Mark Stevens as Virginia’s husband, Robert, was also very good. However, we unfortunately don’t get to see as much of him and his struggle with the whole situation as I would have liked. If I could change one thing about the film, I would have liked to have seen some more of Robert’s coping with Virginia’s being institutionalized when he is alone at home or talking with friends, etc. This would have given his character more depth and I think would have been helpful to audience members who were in his situation. It would also have been nice to see some of the personal life of Nurse Davis outside of the hospital to see what all was informing such a cold, detached personality. But screen time is precious and the movie is really about Virginia, after all, and there are many other characters in the film that could have been fleshed out. Everyone has a story.
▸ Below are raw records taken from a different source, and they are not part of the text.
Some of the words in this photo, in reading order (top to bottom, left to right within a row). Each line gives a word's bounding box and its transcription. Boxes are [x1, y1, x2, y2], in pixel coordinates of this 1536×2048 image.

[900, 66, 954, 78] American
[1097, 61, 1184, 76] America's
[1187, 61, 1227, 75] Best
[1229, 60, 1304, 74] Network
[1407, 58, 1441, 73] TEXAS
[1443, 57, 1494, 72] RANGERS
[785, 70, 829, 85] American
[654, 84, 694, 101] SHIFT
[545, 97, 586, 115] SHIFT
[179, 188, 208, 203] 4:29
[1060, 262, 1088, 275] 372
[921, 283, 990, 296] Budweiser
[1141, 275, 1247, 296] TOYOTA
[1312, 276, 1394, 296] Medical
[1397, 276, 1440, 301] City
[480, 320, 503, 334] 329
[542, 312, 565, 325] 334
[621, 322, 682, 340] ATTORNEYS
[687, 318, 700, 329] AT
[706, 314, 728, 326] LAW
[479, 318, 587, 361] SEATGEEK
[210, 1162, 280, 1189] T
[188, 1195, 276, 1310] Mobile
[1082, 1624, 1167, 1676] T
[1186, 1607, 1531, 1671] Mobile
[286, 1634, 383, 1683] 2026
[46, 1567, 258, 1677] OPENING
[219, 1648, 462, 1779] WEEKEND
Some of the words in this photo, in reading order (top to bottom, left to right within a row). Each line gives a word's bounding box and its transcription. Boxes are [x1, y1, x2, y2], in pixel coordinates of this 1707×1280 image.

And our stories are what good art captures for us. Especially our broken stories. Our stories are what fuel film’s “presentation of thought, emotion, and experience in terms of an appeal to the soul through the senses.” The PCA knew this. They knew that nobody brings anything small into the theatre, too. Many challenges were presented to them just after World War II when Hollywood started tackling sensitive subjects like mental health in “The Snake Pit,” alcoholism in “The Lost Weekend” (1945), drug addiction in “The Man With the Golden Arm” (1955) and many others. The Code showed us that it is possible to create films that resonate with people and are honest in their portrayal of life, while at the same time uphold standards of decency and morality while “rebuilding the bodies and souls of human beings”, as one of its core principles. And “The Snake Pit” does this magnificently.